What needs to be done =>
Your answer must be an exact copy of every record.

── Material provided

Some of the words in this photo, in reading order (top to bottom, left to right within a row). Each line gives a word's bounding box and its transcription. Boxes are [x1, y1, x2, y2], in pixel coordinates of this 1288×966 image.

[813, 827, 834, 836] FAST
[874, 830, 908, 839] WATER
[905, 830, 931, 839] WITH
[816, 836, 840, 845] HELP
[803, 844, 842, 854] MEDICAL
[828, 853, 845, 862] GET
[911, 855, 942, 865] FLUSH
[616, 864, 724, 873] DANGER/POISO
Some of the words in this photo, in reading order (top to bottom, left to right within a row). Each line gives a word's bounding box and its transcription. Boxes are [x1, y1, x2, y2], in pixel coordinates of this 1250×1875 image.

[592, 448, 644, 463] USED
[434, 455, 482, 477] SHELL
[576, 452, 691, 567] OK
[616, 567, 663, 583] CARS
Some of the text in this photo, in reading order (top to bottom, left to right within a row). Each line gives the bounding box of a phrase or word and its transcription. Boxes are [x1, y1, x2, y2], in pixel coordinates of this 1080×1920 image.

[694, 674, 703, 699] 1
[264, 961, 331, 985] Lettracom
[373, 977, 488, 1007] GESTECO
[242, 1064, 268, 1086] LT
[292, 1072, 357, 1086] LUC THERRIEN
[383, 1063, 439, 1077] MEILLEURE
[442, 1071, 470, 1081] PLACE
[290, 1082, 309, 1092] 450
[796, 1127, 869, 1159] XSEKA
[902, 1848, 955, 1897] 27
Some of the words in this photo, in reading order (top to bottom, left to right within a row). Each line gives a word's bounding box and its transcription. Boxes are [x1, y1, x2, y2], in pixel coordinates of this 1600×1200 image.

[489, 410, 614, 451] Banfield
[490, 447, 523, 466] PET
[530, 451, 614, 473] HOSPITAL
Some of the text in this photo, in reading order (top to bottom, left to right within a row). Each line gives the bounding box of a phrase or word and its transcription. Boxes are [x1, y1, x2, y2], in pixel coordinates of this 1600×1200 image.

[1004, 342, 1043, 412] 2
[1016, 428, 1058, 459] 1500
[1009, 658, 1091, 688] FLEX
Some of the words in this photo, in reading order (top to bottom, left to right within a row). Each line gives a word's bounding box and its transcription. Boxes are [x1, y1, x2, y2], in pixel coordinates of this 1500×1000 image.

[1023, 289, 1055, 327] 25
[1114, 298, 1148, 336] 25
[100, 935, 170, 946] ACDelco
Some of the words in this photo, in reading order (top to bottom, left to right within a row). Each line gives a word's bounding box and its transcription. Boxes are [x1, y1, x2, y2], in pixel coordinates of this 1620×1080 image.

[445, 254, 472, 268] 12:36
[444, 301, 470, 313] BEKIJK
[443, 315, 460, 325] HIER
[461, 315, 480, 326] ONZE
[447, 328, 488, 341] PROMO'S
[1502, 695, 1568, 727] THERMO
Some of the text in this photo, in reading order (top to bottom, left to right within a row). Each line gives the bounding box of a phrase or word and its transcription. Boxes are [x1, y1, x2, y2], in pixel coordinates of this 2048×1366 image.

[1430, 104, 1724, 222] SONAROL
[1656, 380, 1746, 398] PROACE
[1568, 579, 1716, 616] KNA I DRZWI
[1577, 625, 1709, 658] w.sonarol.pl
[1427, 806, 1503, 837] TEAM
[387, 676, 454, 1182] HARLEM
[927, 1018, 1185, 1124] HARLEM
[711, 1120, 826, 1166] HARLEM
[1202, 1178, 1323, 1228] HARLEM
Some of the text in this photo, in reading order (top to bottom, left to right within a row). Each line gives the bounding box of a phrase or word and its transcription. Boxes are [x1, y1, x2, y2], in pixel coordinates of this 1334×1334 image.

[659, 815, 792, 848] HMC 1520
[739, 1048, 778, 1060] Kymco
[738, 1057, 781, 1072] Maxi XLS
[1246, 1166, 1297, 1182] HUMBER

────

Exercise output =>
Some of the words in this photo, in reading order (top to bottom, left to right within a row). Each line gives a word's bounding box and its transcription. Boxes are [x1, y1, x2, y2], in pixel coordinates of this 1288×966 image.

[813, 827, 834, 836] FAST
[874, 830, 908, 839] WATER
[905, 830, 931, 839] WITH
[816, 836, 840, 845] HELP
[803, 844, 842, 854] MEDICAL
[828, 853, 845, 862] GET
[911, 855, 942, 865] FLUSH
[616, 864, 724, 873] DANGER/POISO
Some of the words in this photo, in reading order (top to bottom, left to right within a row). Each line gives a word's bounding box and its transcription. Boxes are [x1, y1, x2, y2], in pixel coordinates of this 1250×1875 image.

[592, 448, 644, 463] USED
[434, 455, 482, 477] SHELL
[576, 452, 691, 567] OK
[616, 567, 663, 583] CARS
Some of the text in this photo, in reading order (top to bottom, left to right within a row). Each line gives the bounding box of a phrase or word and its transcription. Boxes are [x1, y1, x2, y2], in pixel coordinates of this 1080×1920 image.

[694, 674, 703, 699] 1
[264, 961, 331, 985] Lettracom
[373, 977, 488, 1007] GESTECO
[242, 1064, 268, 1086] LT
[292, 1072, 357, 1086] LUC THERRIEN
[383, 1063, 439, 1077] MEILLEURE
[442, 1071, 470, 1081] PLACE
[290, 1082, 309, 1092] 450
[796, 1127, 869, 1159] XSEKA
[902, 1848, 955, 1897] 27
Some of the words in this photo, in reading order (top to bottom, left to right within a row). Each line gives a word's bounding box and its transcription. Boxes are [x1, y1, x2, y2], in pixel coordinates of this 1600×1200 image.

[489, 410, 614, 451] Banfield
[490, 447, 523, 466] PET
[530, 451, 614, 473] HOSPITAL
Some of the text in this photo, in reading order (top to bottom, left to right within a row). Each line gives the bounding box of a phrase or word and its transcription. Boxes are [x1, y1, x2, y2], in pixel coordinates of this 1600×1200 image.

[1004, 342, 1043, 412] 2
[1016, 428, 1058, 459] 1500
[1009, 658, 1091, 688] FLEX
Some of the words in this photo, in reading order (top to bottom, left to right within a row). Each line gives a word's bounding box and its transcription. Boxes are [x1, y1, x2, y2], in pixel coordinates of this 1500×1000 image.

[1023, 289, 1055, 327] 25
[1114, 298, 1148, 336] 25
[100, 935, 170, 946] ACDelco
Some of the words in this photo, in reading order (top to bottom, left to right within a row). Each line gives a word's bounding box and its transcription. Boxes are [x1, y1, x2, y2], in pixel coordinates of this 1620×1080 image.

[445, 254, 472, 268] 12:36
[444, 301, 470, 313] BEKIJK
[443, 315, 460, 325] HIER
[461, 315, 480, 326] ONZE
[447, 328, 488, 341] PROMO'S
[1502, 695, 1568, 727] THERMO
Some of the text in this photo, in reading order (top to bottom, left to right within a row). Each line gives the bounding box of a phrase or word and its transcription. Boxes are [x1, y1, x2, y2], in pixel coordinates of this 2048×1366 image.

[1430, 104, 1724, 222] SONAROL
[1656, 380, 1746, 398] PROACE
[1568, 579, 1716, 616] KNA I DRZWI
[1577, 625, 1709, 658] w.sonarol.pl
[1427, 806, 1503, 837] TEAM
[387, 676, 454, 1182] HARLEM
[927, 1018, 1185, 1124] HARLEM
[711, 1120, 826, 1166] HARLEM
[1202, 1178, 1323, 1228] HARLEM
Some of the text in this photo, in reading order (top to bottom, left to right within a row). Each line gives the bounding box of a phrase or word and its transcription. Boxes are [x1, y1, x2, y2], in pixel coordinates of this 1334×1334 image.

[659, 815, 792, 848] HMC 1520
[739, 1048, 778, 1060] Kymco
[738, 1057, 781, 1072] Maxi XLS
[1246, 1166, 1297, 1182] HUMBER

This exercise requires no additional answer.